HDFS is one of the most common file system used in Hadoop. HDFS uses master slave architecture to store and manage data.
Master consists of a daemon called Namenode to manage file system metadata.Slave consists of one or more daemons called datanode to store the actual data.
A file is split on HDFS into multiple blocks ( minimum of 64MB or 128 MB which can be configured ) and stored in datanodes. Namenode manages the mapping of blocks to datanodes and which in turn take care about read/write operation. HDFS by default creates 3 replicas of each block for fault tolerance.
MapReduce a framework designed to write application to process large data parallel in multiple nodes. Mapreduce also works on master slave architecture. Master consists of a daemon called jobtracker and a slave daemon called tasktracker per node. Master takes care about resource mangement and scheduling/tracking of jobs in slaves. Slaves actually execute the job and send the status to jobtracker every few seconds.

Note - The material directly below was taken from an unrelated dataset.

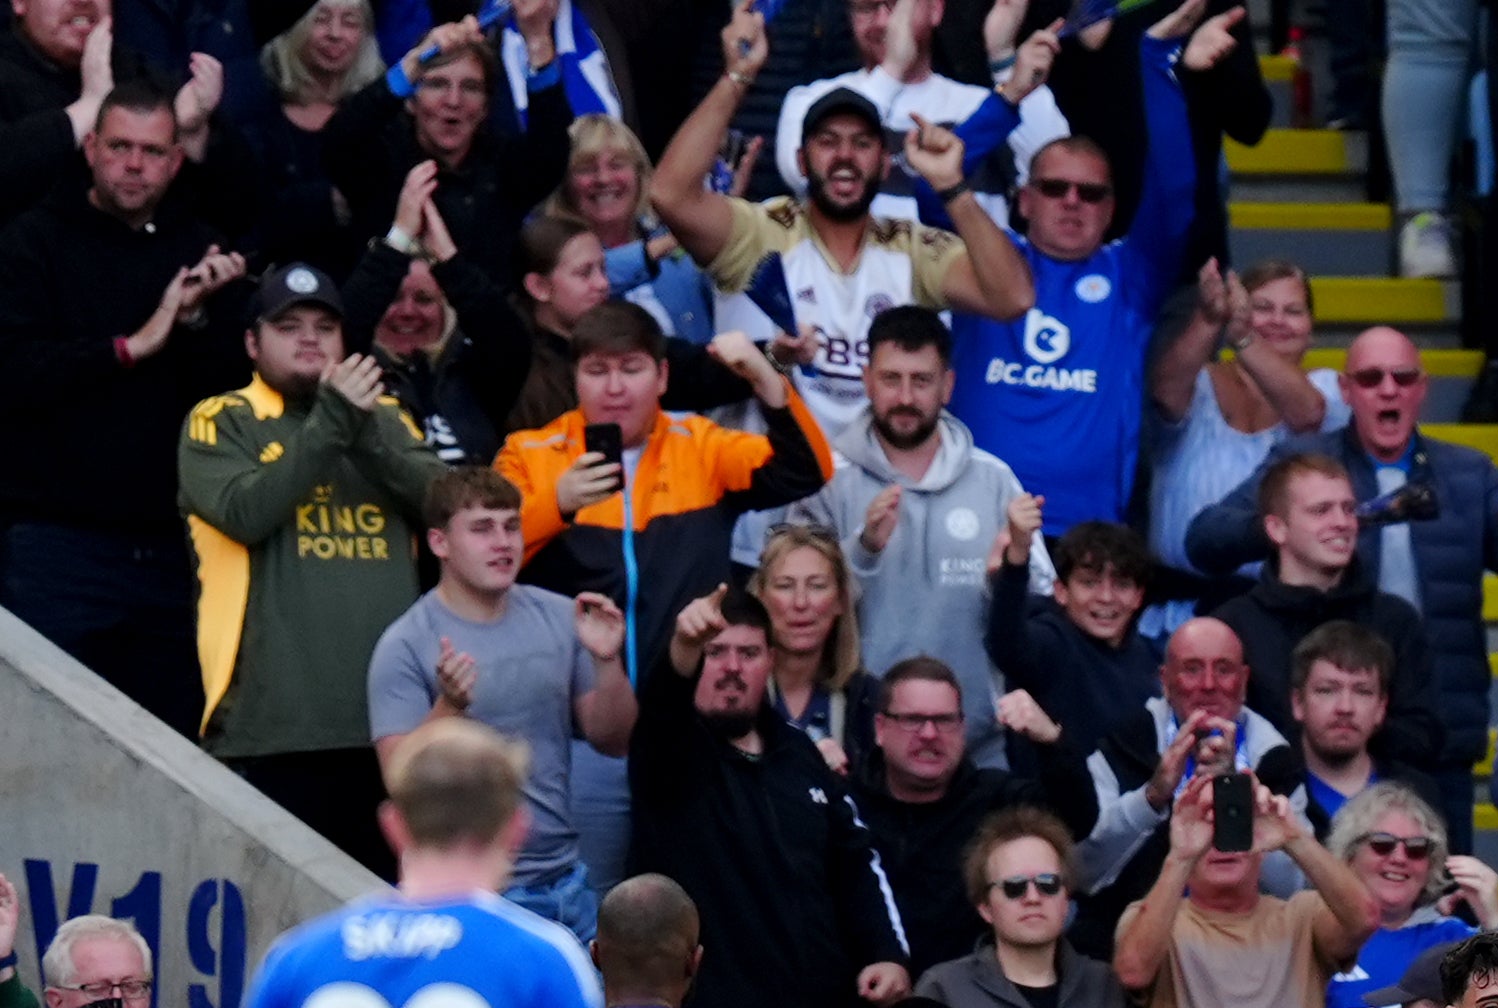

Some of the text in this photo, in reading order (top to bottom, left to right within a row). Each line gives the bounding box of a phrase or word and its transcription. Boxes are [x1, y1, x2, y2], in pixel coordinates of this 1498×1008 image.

[985, 357, 1097, 393] BC.GAME
[296, 503, 387, 534] KING
[297, 535, 390, 560] POWER

Other modules of the Hadoop framework are hadoop common(contains necessary scripts files to start hadoop) and YARN(YARN is a resource manager that was created by separating the processing engine and resource management capabilities of MapReduce as it was implemented in Hadoop 1.0.
Resource Manager acts as master and runs on a dedicated host ( 1 per cluster ) , Node Manager runs on every host and responsible to run MR 2.0 jobs. Node Manager launch and monitor containers. A container represents a resource(cpu,memory etc).
A client contacts the resource manager and asks it to run an application master process. Every application running in Hadoop as its own dedicated application master (oversees the full life cycle of an application) which runs in a container process. Application master can request additional containers from resource manager and then send the result to client.